* [Record extracts]
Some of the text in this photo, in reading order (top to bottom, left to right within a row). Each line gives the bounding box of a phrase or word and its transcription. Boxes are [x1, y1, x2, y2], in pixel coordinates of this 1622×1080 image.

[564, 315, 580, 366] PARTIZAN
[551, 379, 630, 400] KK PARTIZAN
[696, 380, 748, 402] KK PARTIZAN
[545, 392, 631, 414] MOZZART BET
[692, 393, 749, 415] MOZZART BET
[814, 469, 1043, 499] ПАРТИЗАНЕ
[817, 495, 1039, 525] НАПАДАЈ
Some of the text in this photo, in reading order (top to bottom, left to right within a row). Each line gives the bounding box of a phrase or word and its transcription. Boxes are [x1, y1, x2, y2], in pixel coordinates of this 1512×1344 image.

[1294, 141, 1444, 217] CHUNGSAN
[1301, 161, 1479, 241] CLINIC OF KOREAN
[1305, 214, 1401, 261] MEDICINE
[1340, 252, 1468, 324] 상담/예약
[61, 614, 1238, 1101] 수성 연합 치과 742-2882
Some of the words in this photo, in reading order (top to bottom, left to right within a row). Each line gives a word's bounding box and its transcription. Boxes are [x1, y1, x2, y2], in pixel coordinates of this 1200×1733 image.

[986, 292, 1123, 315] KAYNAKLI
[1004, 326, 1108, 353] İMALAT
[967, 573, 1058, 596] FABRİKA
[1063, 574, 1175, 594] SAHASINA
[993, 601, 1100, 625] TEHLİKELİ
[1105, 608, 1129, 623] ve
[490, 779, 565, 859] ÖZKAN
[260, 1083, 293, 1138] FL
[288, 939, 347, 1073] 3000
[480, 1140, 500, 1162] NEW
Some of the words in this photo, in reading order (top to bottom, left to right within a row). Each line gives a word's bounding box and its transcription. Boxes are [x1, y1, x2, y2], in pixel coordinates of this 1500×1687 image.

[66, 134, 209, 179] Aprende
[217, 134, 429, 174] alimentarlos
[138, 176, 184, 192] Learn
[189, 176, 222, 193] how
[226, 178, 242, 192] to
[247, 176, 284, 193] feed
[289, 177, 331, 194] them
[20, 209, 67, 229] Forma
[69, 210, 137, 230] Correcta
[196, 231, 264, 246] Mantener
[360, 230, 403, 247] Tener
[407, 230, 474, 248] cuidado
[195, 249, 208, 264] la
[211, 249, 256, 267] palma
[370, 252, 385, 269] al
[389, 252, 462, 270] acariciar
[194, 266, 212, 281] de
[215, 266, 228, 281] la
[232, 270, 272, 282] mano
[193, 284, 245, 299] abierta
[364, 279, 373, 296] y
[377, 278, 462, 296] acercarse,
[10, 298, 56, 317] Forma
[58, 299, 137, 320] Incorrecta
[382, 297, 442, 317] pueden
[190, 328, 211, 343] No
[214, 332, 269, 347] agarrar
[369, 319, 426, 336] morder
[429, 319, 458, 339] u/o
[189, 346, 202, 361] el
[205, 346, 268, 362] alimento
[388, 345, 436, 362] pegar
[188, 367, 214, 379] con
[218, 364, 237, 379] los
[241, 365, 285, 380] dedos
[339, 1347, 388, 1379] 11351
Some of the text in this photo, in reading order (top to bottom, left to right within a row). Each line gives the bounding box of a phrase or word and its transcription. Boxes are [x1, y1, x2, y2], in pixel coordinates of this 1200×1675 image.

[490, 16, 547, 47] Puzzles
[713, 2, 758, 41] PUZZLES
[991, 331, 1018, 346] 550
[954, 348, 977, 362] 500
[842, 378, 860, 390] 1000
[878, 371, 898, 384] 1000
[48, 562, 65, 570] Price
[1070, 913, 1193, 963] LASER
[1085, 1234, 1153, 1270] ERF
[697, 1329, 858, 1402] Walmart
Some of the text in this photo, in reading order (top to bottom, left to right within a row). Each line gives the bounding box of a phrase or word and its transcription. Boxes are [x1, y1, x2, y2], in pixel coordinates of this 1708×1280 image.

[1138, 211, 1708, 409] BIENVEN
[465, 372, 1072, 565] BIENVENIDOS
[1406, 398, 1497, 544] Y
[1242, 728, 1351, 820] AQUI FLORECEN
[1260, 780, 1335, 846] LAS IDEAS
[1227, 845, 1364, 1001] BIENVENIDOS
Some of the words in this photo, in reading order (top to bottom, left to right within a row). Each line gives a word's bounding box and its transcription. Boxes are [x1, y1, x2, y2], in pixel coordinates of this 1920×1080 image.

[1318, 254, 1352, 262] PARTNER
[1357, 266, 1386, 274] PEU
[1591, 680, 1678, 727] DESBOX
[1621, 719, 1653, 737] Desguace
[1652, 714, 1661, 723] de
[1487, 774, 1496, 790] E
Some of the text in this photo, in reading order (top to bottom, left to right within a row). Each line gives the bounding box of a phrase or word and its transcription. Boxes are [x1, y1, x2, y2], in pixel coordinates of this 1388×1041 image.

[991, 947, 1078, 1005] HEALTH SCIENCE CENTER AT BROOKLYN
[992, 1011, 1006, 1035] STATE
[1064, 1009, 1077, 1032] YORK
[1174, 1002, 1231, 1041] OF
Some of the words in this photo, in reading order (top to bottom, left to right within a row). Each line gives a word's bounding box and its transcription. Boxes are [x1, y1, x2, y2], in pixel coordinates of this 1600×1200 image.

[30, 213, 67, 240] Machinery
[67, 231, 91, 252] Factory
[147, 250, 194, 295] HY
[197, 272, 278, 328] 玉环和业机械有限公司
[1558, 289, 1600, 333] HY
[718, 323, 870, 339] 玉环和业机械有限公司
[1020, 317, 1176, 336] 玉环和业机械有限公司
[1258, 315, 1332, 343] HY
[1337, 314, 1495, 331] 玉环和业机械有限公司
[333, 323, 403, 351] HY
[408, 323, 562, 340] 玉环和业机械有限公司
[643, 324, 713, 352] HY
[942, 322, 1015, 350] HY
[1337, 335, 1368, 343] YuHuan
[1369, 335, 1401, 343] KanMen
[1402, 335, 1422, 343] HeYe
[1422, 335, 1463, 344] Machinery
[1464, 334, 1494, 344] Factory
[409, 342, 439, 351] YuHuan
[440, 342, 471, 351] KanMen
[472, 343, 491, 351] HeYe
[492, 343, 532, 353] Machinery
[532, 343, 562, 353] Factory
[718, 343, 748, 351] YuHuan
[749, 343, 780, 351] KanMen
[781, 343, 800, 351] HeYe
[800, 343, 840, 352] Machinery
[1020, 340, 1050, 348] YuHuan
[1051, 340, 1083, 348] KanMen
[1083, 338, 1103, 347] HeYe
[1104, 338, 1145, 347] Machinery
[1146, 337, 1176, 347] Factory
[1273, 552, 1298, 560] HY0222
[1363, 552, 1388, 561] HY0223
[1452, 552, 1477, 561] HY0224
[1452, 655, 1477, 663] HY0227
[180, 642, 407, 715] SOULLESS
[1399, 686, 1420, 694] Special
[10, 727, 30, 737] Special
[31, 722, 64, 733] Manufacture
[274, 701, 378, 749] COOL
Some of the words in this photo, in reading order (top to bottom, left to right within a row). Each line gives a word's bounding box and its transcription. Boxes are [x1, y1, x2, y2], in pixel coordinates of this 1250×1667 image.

* [Assignment]
The task requires an exact transcription of all the data.

* [Answer area]
Some of the text in this photo, in reading order (top to bottom, left to right within a row). Each line gives the bounding box of a phrase or word and its transcription. Boxes are [x1, y1, x2, y2], in pixel coordinates of this 1622×1080 image.

[564, 315, 580, 366] PARTIZAN
[551, 379, 630, 400] KK PARTIZAN
[696, 380, 748, 402] KK PARTIZAN
[545, 392, 631, 414] MOZZART BET
[692, 393, 749, 415] MOZZART BET
[814, 469, 1043, 499] ПАРТИЗАНЕ
[817, 495, 1039, 525] НАПАДАЈ
Some of the text in this photo, in reading order (top to bottom, left to right within a row). Each line gives the bounding box of a phrase or word and its transcription. Boxes are [x1, y1, x2, y2], in pixel coordinates of this 1512×1344 image.

[1294, 141, 1444, 217] CHUNGSAN
[1301, 161, 1479, 241] CLINIC OF KOREAN
[1305, 214, 1401, 261] MEDICINE
[1340, 252, 1468, 324] 상담/예약
[61, 614, 1238, 1101] 수성 연합 치과 742-2882
Some of the words in this photo, in reading order (top to bottom, left to right within a row). Each line gives a word's bounding box and its transcription. Boxes are [x1, y1, x2, y2], in pixel coordinates of this 1200×1733 image.

[986, 292, 1123, 315] KAYNAKLI
[1004, 326, 1108, 353] İMALAT
[967, 573, 1058, 596] FABRİKA
[1063, 574, 1175, 594] SAHASINA
[993, 601, 1100, 625] TEHLİKELİ
[1105, 608, 1129, 623] ve
[490, 779, 565, 859] ÖZKAN
[260, 1083, 293, 1138] FL
[288, 939, 347, 1073] 3000
[480, 1140, 500, 1162] NEW
Some of the words in this photo, in reading order (top to bottom, left to right within a row). Each line gives a word's bounding box and its transcription. Boxes are [x1, y1, x2, y2], in pixel coordinates of this 1500×1687 image.

[66, 134, 209, 179] Aprende
[217, 134, 429, 174] alimentarlos
[138, 176, 184, 192] Learn
[189, 176, 222, 193] how
[226, 178, 242, 192] to
[247, 176, 284, 193] feed
[289, 177, 331, 194] them
[20, 209, 67, 229] Forma
[69, 210, 137, 230] Correcta
[196, 231, 264, 246] Mantener
[360, 230, 403, 247] Tener
[407, 230, 474, 248] cuidado
[195, 249, 208, 264] la
[211, 249, 256, 267] palma
[370, 252, 385, 269] al
[389, 252, 462, 270] acariciar
[194, 266, 212, 281] de
[215, 266, 228, 281] la
[232, 270, 272, 282] mano
[193, 284, 245, 299] abierta
[364, 279, 373, 296] y
[377, 278, 462, 296] acercarse,
[10, 298, 56, 317] Forma
[58, 299, 137, 320] Incorrecta
[382, 297, 442, 317] pueden
[190, 328, 211, 343] No
[214, 332, 269, 347] agarrar
[369, 319, 426, 336] morder
[429, 319, 458, 339] u/o
[189, 346, 202, 361] el
[205, 346, 268, 362] alimento
[388, 345, 436, 362] pegar
[188, 367, 214, 379] con
[218, 364, 237, 379] los
[241, 365, 285, 380] dedos
[339, 1347, 388, 1379] 11351
Some of the text in this photo, in reading order (top to bottom, left to right within a row). Each line gives the bounding box of a phrase or word and its transcription. Boxes are [x1, y1, x2, y2], in pixel coordinates of this 1200×1675 image.

[490, 16, 547, 47] Puzzles
[713, 2, 758, 41] PUZZLES
[991, 331, 1018, 346] 550
[954, 348, 977, 362] 500
[842, 378, 860, 390] 1000
[878, 371, 898, 384] 1000
[48, 562, 65, 570] Price
[1070, 913, 1193, 963] LASER
[1085, 1234, 1153, 1270] ERF
[697, 1329, 858, 1402] Walmart
Some of the text in this photo, in reading order (top to bottom, left to right within a row). Each line gives the bounding box of a phrase or word and its transcription. Boxes are [x1, y1, x2, y2], in pixel coordinates of this 1708×1280 image.

[1138, 211, 1708, 409] BIENVEN
[465, 372, 1072, 565] BIENVENIDOS
[1406, 398, 1497, 544] Y
[1242, 728, 1351, 820] AQUI FLORECEN
[1260, 780, 1335, 846] LAS IDEAS
[1227, 845, 1364, 1001] BIENVENIDOS
Some of the words in this photo, in reading order (top to bottom, left to right within a row). Each line gives a word's bounding box and its transcription. Boxes are [x1, y1, x2, y2], in pixel coordinates of this 1920×1080 image.

[1318, 254, 1352, 262] PARTNER
[1357, 266, 1386, 274] PEU
[1591, 680, 1678, 727] DESBOX
[1621, 719, 1653, 737] Desguace
[1652, 714, 1661, 723] de
[1487, 774, 1496, 790] E
Some of the text in this photo, in reading order (top to bottom, left to right within a row). Each line gives the bounding box of a phrase or word and its transcription. Boxes are [x1, y1, x2, y2], in pixel coordinates of this 1388×1041 image.

[991, 947, 1078, 1005] HEALTH SCIENCE CENTER AT BROOKLYN
[992, 1011, 1006, 1035] STATE
[1064, 1009, 1077, 1032] YORK
[1174, 1002, 1231, 1041] OF
Some of the words in this photo, in reading order (top to bottom, left to right within a row). Each line gives a word's bounding box and its transcription. Boxes are [x1, y1, x2, y2], in pixel coordinates of this 1600×1200 image.

[30, 213, 67, 240] Machinery
[67, 231, 91, 252] Factory
[147, 250, 194, 295] HY
[197, 272, 278, 328] 玉环和业机械有限公司
[1558, 289, 1600, 333] HY
[718, 323, 870, 339] 玉环和业机械有限公司
[1020, 317, 1176, 336] 玉环和业机械有限公司
[1258, 315, 1332, 343] HY
[1337, 314, 1495, 331] 玉环和业机械有限公司
[333, 323, 403, 351] HY
[408, 323, 562, 340] 玉环和业机械有限公司
[643, 324, 713, 352] HY
[942, 322, 1015, 350] HY
[1337, 335, 1368, 343] YuHuan
[1369, 335, 1401, 343] KanMen
[1402, 335, 1422, 343] HeYe
[1422, 335, 1463, 344] Machinery
[1464, 334, 1494, 344] Factory
[409, 342, 439, 351] YuHuan
[440, 342, 471, 351] KanMen
[472, 343, 491, 351] HeYe
[492, 343, 532, 353] Machinery
[532, 343, 562, 353] Factory
[718, 343, 748, 351] YuHuan
[749, 343, 780, 351] KanMen
[781, 343, 800, 351] HeYe
[800, 343, 840, 352] Machinery
[1020, 340, 1050, 348] YuHuan
[1051, 340, 1083, 348] KanMen
[1083, 338, 1103, 347] HeYe
[1104, 338, 1145, 347] Machinery
[1146, 337, 1176, 347] Factory
[1273, 552, 1298, 560] HY0222
[1363, 552, 1388, 561] HY0223
[1452, 552, 1477, 561] HY0224
[1452, 655, 1477, 663] HY0227
[180, 642, 407, 715] SOULLESS
[1399, 686, 1420, 694] Special
[10, 727, 30, 737] Special
[31, 722, 64, 733] Manufacture
[274, 701, 378, 749] COOL
Some of the words in this photo, in reading order (top to bottom, left to right within a row). Each line gives a word's bounding box and its transcription. Boxes are [x1, y1, x2, y2], in pixel coordinates of this 1250×1667 image.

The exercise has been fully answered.